Subspecies classification via InDel markers identified 180 indica-types (89.55%), 19 japonica-types (9.45%), and 2 intermediates (1.00%), confirming pronounced indica–japonica differentiation with indica dominance [8,30]. This mirrors altitudinal patterns in Yunnan, where indica prevails in warmer lowlands and japonica in cooler highlands [31]. Wx^a was overwhelmingly associated with indica (173/175), reinforcing subspecies-specific distributions [6,18], while Wx^b appeared in 15 japonica but also 5 indica, suggesting occasional introgression [28]. Rare alleles like Wxⁱⁿ spanned both subspecies, hinting at ancestral polymorphisms predating differentiation [14,15]. The low frequency of intermediates (1%) contrasts with some Yunnan studies reporting higher admixture [32], potentially due to our germplasm’s bias toward cultivated landraces. Nonetheless, these intermediates could facilitate indica–japonica hybrids, enhancing fertility and yield via heterosis [19,20].

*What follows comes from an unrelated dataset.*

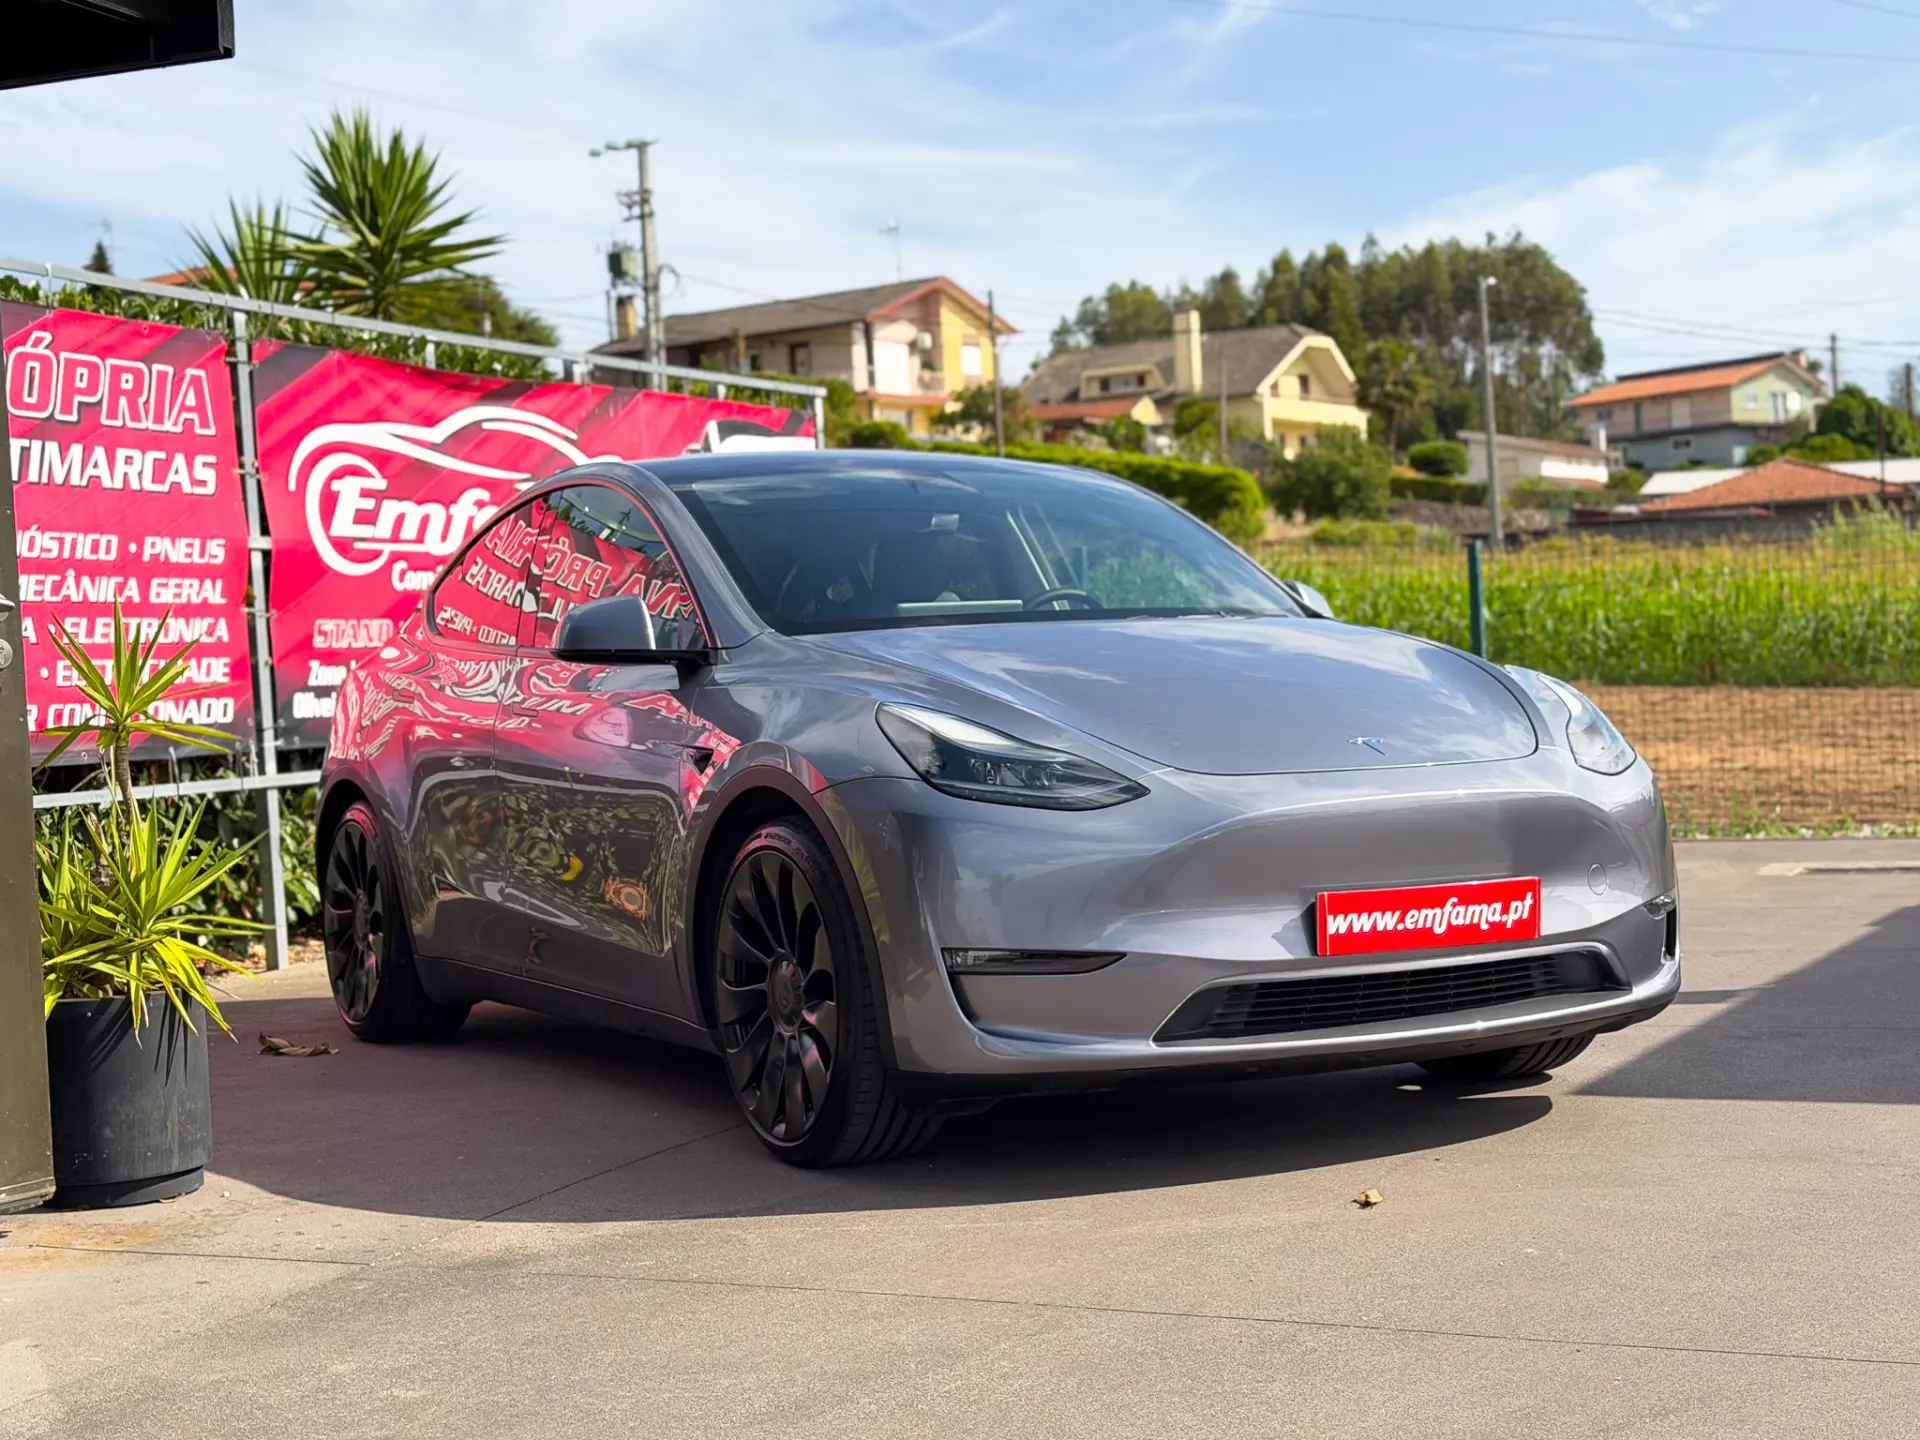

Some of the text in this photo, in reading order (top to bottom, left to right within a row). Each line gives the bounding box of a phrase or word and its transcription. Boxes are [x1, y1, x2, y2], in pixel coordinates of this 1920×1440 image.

From a breeding perspective, our results advocate MAS using Wx functional markers to tailor AC for premium varieties—e.g., incorporating Wxⁱⁿ into Wx^a backgrounds for moderate AC and improved palatability [14]. The identified Wxⁱⁿ and Wx^mw donors could adjust starch viscosity and fissure resistance [16], addressing quality issues in high-yielding hybrids. Exploiting Yunnan’s diversity for heterosis, as in indica–japonica crosses, may boost grain quality traits [33], especially with intermediates bridging compatibility [34]. Limitations include the focus on four alleles; future work should screen for emerging variants like Wx^lv or Wx^la using whole-genome sequencing to capture epistatic interactions [35].

In this study, although our findings are consistent with previously reported associations between Waxy (Wx) alleles, amylose content, and indica–japonica differentiation, the work provides an important regional contribution. The predominance of the Wx^a allele (87.06%) in Yunnan aligns with its high frequency in indica-rich regions like Vietnam (83.5%) but contrasts sharply with temperate japonica collections from Korea where Wx^b predominates (91.3%) [14]. Yunnan Province is recognized as one of the global centers of rice genetic diversity, harboring a wide range of landraces with unique genetic backgrounds. Systematically characterizing the distribution of Wx alleles in this germplasm not only confirms global patterns but also offers critical baseline data for future research and breeding [22,23].

Unlike many previous studies that focused primarily on identifying novel Wx alleles, our analysis emphasizes the allele frequency distribution and its association with subspecies identity in a large, representative set of Yunnan rice germplasm. This provides valuable information for germplasm conservation, selection of parental lines for breeding, and for monitoring allele shifts under modern breeding and climate change. Even though no completely new alleles were detected, these findings strengthen the understanding of the genetic structure of local rice populations and complement global research on rice quality improvement.

In conclusion, this study elucidates Wx allelic dynamics in Yunnan rice, linking them to subspecies attributes and AC. These insights pave the way for targeted breeding, leveraging local germplasm to develop high-quality, resilient varieties amid climate challenges.

5. Conclusions

Yunnan rice exhibits Waxy allelic diversity with Wx^a predominance, linked to indica types and higher AC. These insights facilitate breeding for quality and heterosis utilization.